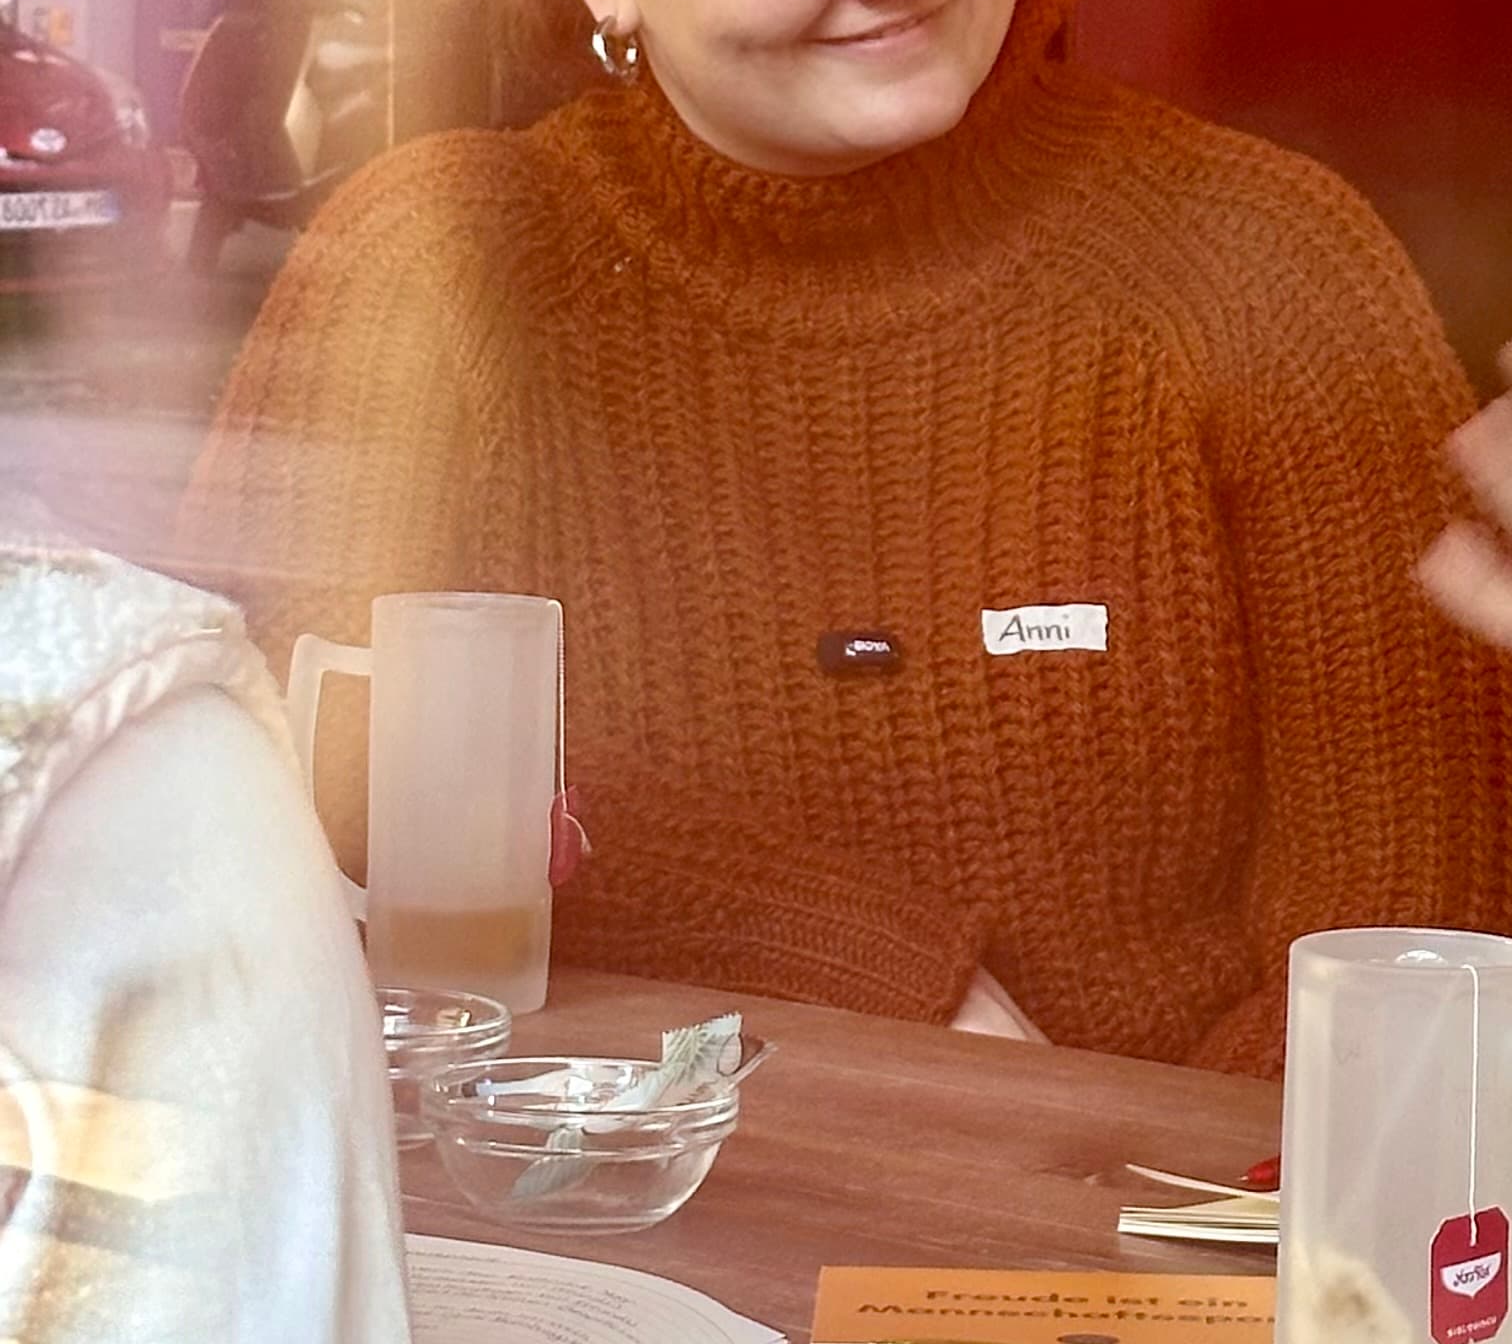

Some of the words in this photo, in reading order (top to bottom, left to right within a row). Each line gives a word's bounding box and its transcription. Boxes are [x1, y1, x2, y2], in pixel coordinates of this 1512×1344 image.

[999, 613, 1071, 643] Anni
[926, 1289, 1089, 1305] Freude
[1106, 1294, 1160, 1306] ist
[1178, 1296, 1249, 1308] ein
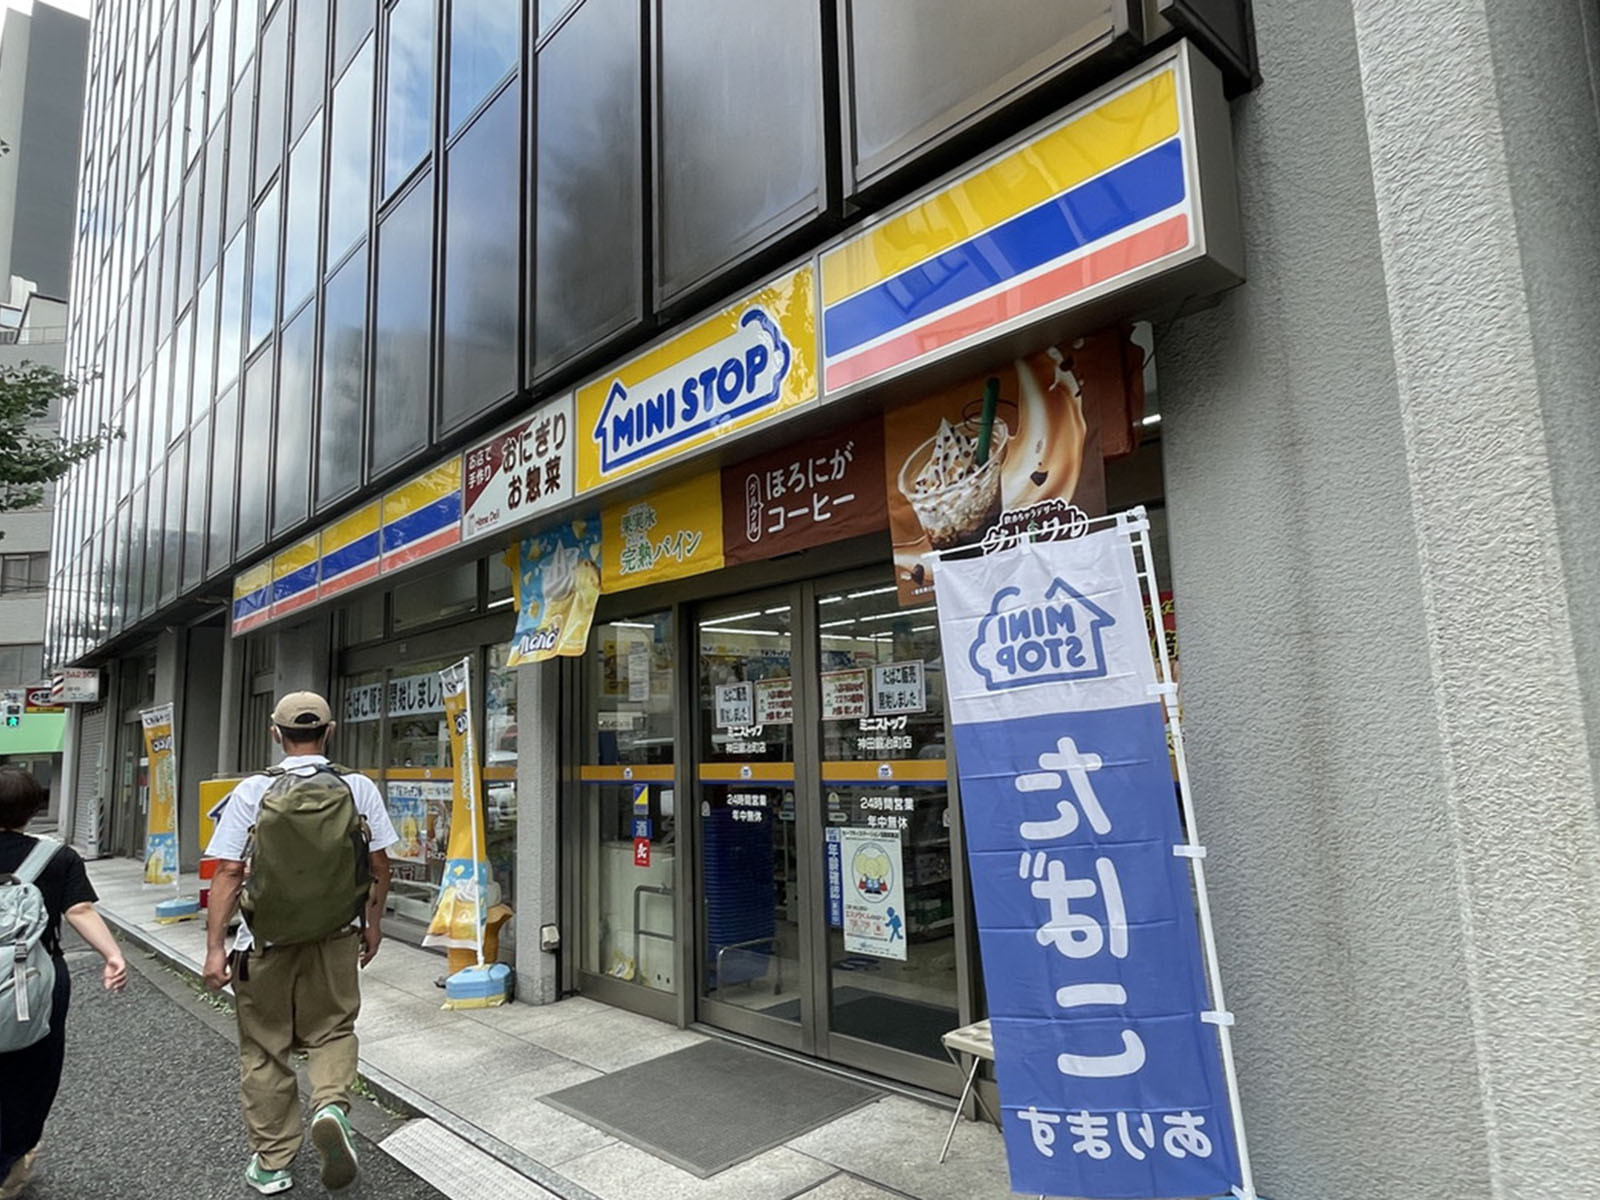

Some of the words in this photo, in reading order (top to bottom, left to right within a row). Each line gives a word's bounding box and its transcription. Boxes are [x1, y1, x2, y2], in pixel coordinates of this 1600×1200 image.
-*-*-
Work instructions | Wherever an image sits in the data, omit it; everything else must be copied exactly.

Output |
Some of the words in this photo, in reading order (top to bottom, left to right within a row). Each line gives a word's bounding box and its transcription. Boxes are [x1, y1, x2, y2], in pixel coordinates of this 1512×1344 image.

[999, 613, 1071, 643] Anni
[926, 1289, 1089, 1305] Freude
[1106, 1294, 1160, 1306] ist
[1178, 1296, 1249, 1308] ein

Some of the words in this photo, in reading order (top to bottom, left to right within a row). Each line gives a word's bounding box and its transcription. Boxes are [x1, y1, x2, y2], in pixel coordinates of this 1600×1200 image.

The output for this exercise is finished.